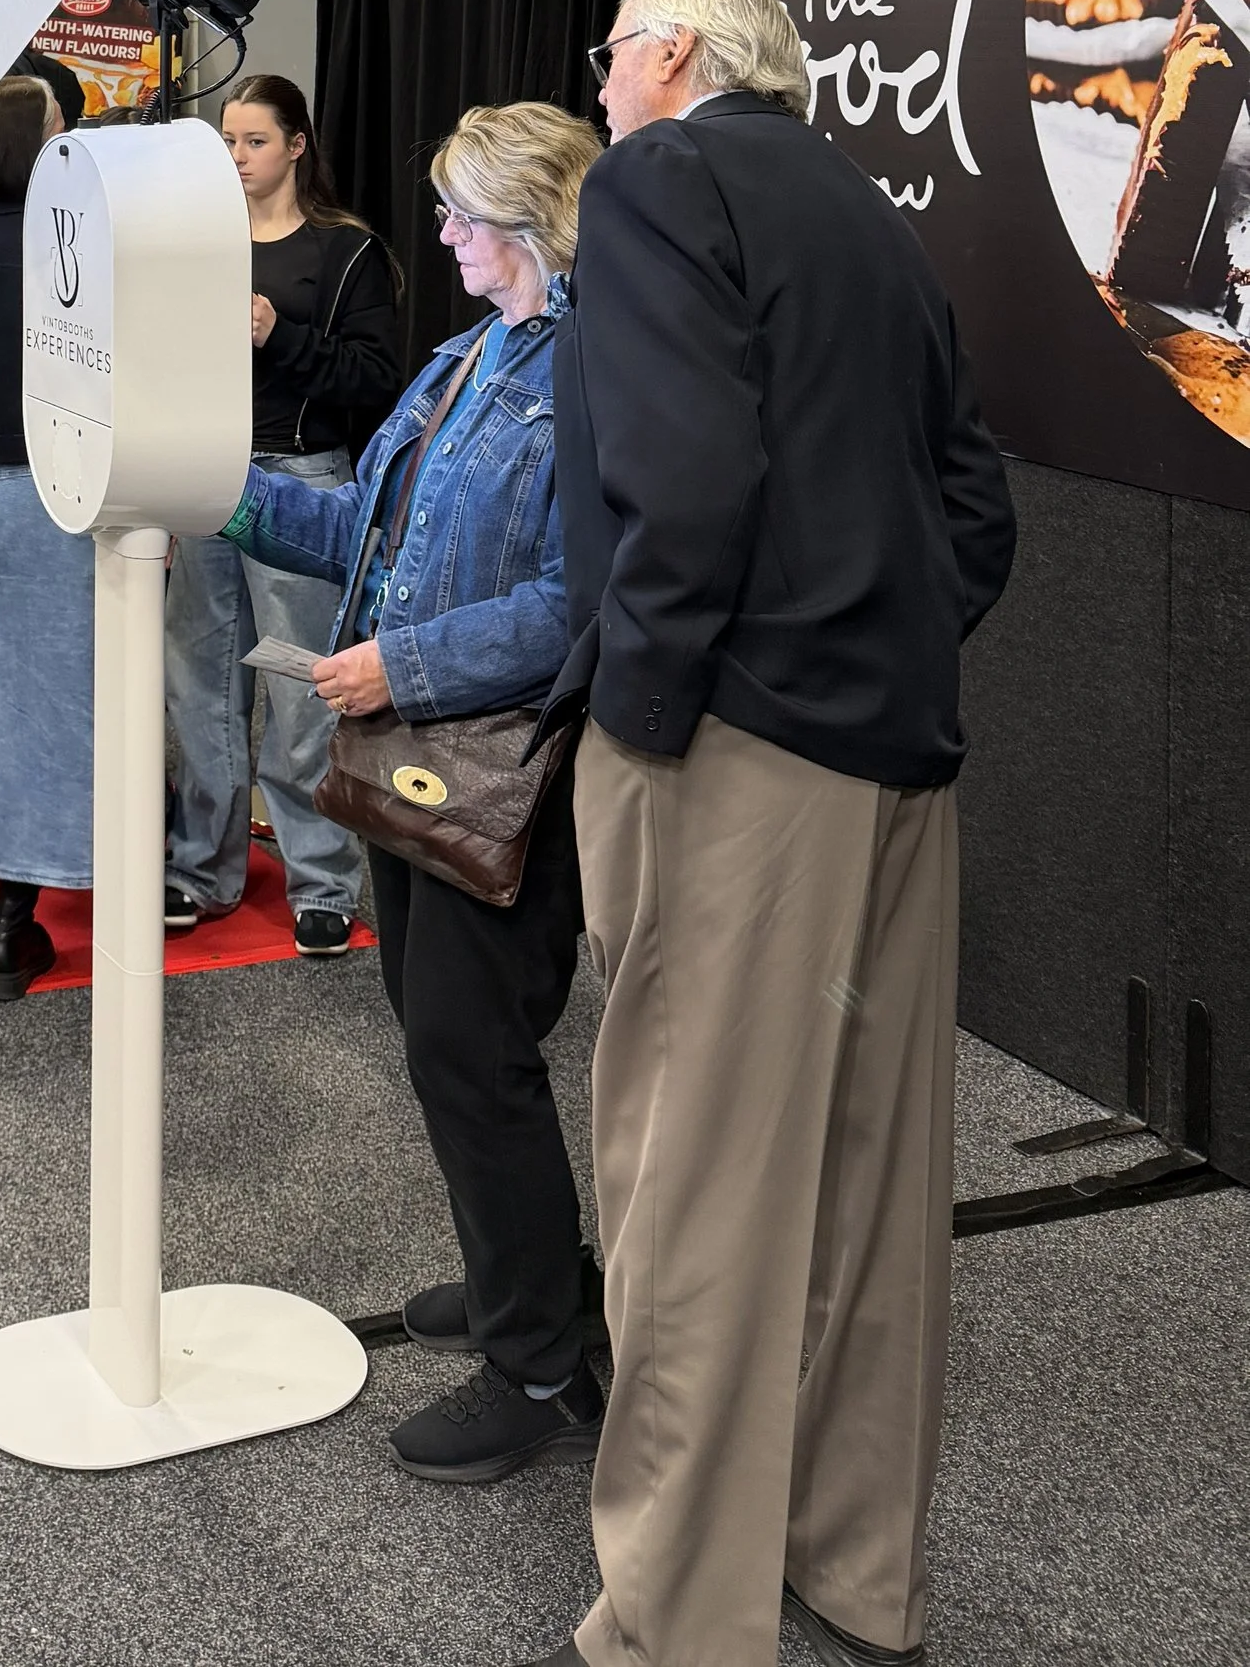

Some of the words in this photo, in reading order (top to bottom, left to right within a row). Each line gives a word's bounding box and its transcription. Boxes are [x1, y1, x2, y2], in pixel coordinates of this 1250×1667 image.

[75, 2, 95, 12] Hill
[40, 19, 153, 43] OUTH-WATERING
[32, 36, 63, 52] NEW
[65, 40, 141, 60] FLAVOURS!
[41, 314, 94, 341] VINTOBOOTHS
[26, 327, 112, 374] EXPERIENCES

────────────────

Your answer must be an exact transcription of the records above, minus the pictures.

**REPLY**.
Some of the words in this photo, in reading order (top to bottom, left to right within a row). Each line gives a word's bounding box and its transcription. Boxes are [x1, y1, x2, y2], in pixel coordinates of this 1250×1667 image.

[75, 2, 95, 12] Hill
[40, 19, 153, 43] OUTH-WATERING
[32, 36, 63, 52] NEW
[65, 40, 141, 60] FLAVOURS!
[41, 314, 94, 341] VINTOBOOTHS
[26, 327, 112, 374] EXPERIENCES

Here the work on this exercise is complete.